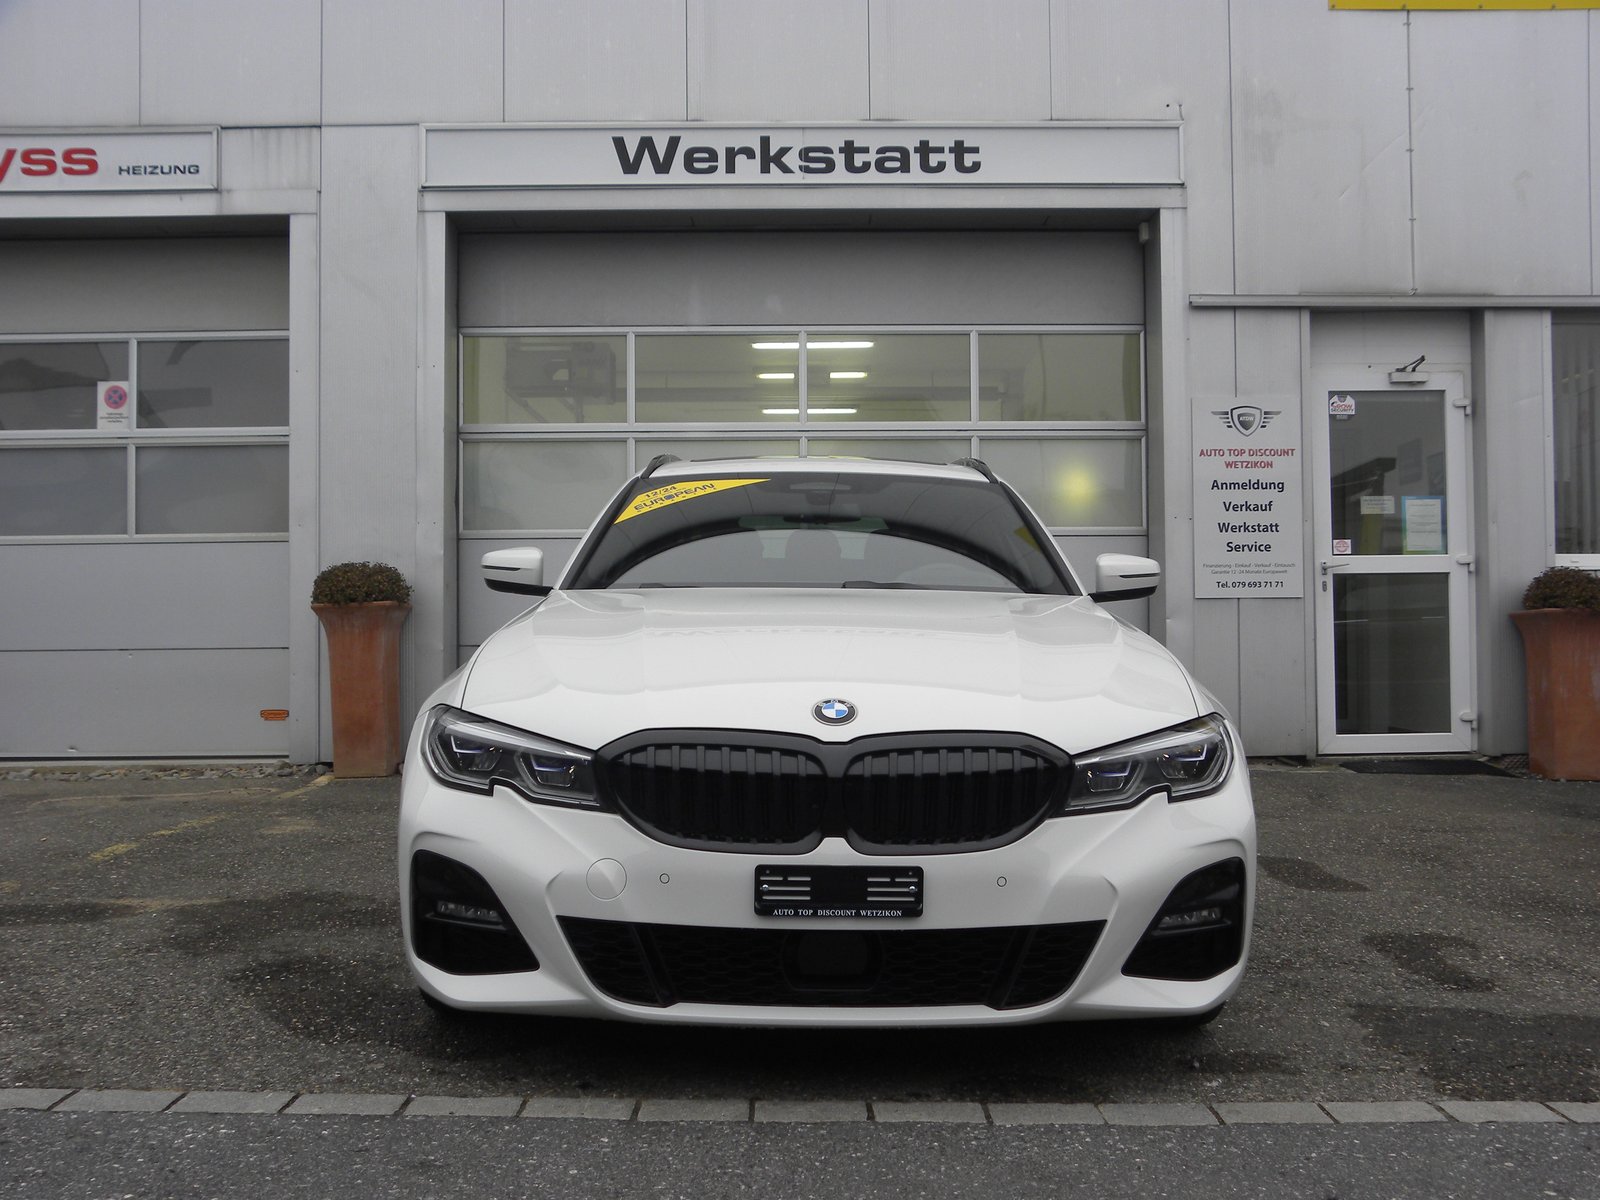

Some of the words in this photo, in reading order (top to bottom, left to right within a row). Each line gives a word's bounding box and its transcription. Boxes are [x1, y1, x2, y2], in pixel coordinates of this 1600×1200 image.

[611, 135, 981, 174] Werkstatt
[118, 165, 200, 175] HEIZUNG
[1199, 449, 1225, 457] AUTO
[1227, 449, 1246, 457] TOP
[1248, 449, 1296, 457] DISCOUNT
[1224, 461, 1273, 469] WETZIKON
[1211, 479, 1285, 493] Anmeldung
[633, 483, 715, 511] EUROPEAN
[645, 486, 677, 499] 12/24
[1223, 501, 1273, 512] Verkauf
[1218, 522, 1280, 533] Werkstatt
[1226, 541, 1272, 552] Service
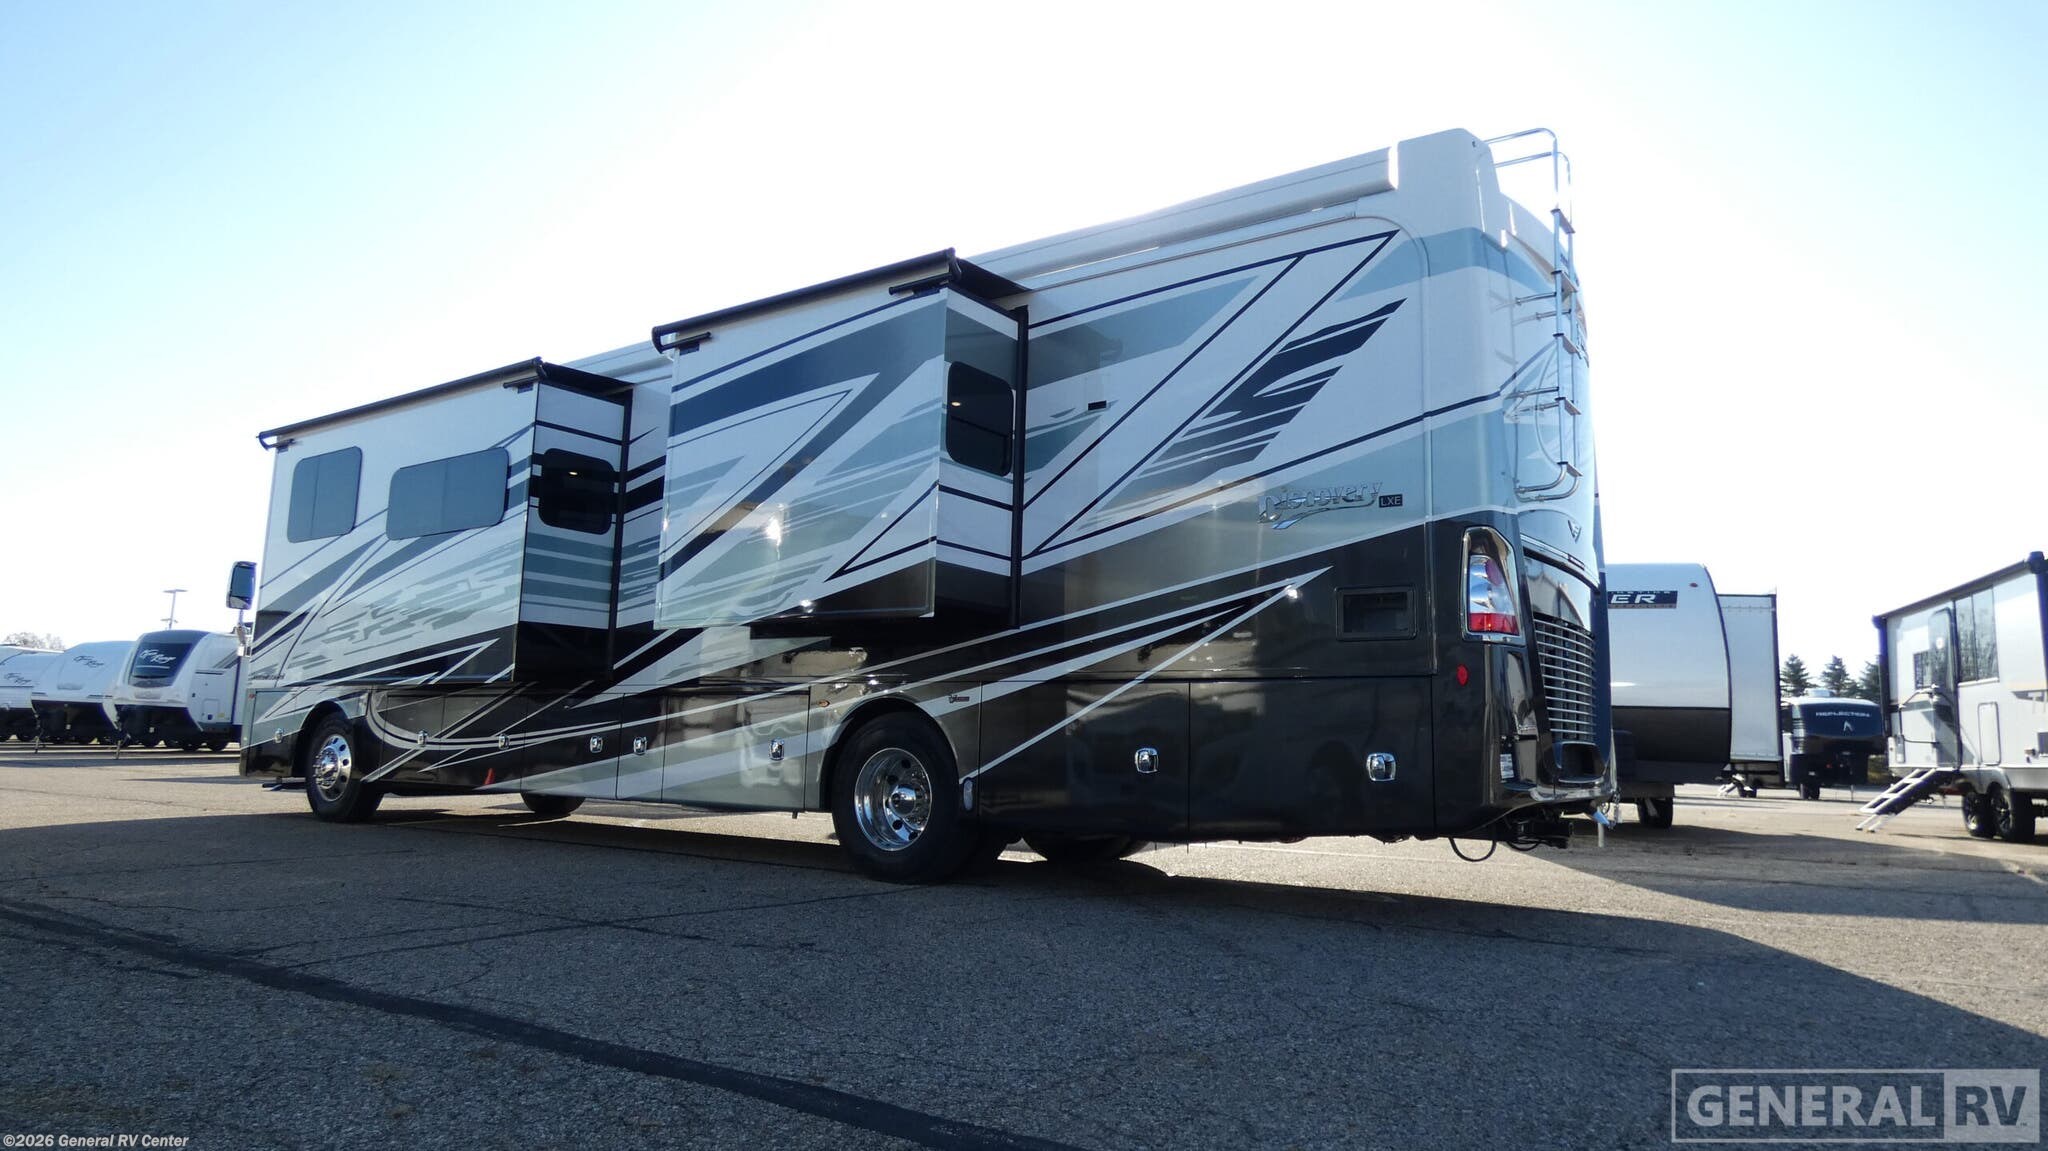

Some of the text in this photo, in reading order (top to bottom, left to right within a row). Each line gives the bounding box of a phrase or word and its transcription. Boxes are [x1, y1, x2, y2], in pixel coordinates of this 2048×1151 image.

[1258, 482, 1402, 526] Discovery LXE
[1610, 594, 1656, 604] ER
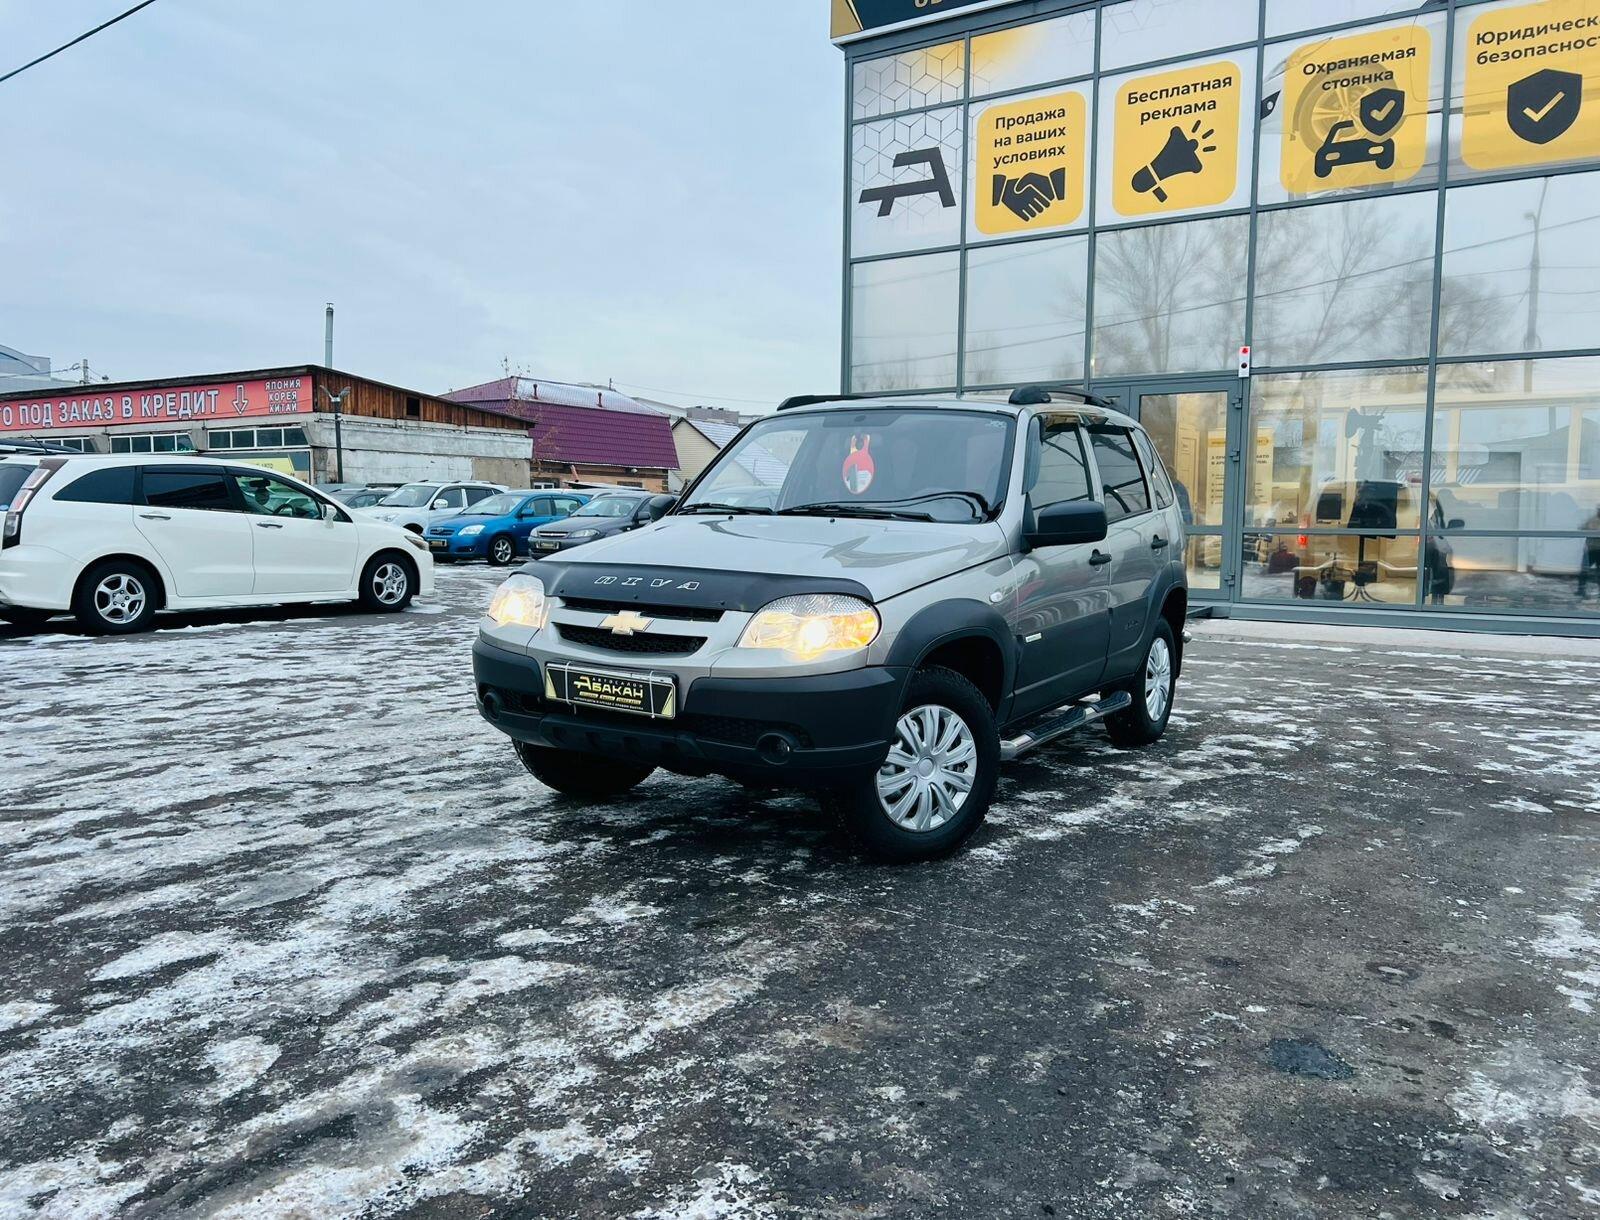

--

◆ **Problem details**
All lines from the one containing "Some of the text" through the end of the data are to be written out exactly, with nothing added; skip the pictures.

◆ **Result of the task**
Some of the text in this photo, in reading order (top to bottom, left to right within a row). Each line gives the bounding box of a phrase or word and its transcription. Boxes are [x1, y1, x2, y2], in pixel coordinates of this 2048×1151 image.

[1258, 482, 1402, 526] Discovery LXE
[1610, 594, 1656, 604] ER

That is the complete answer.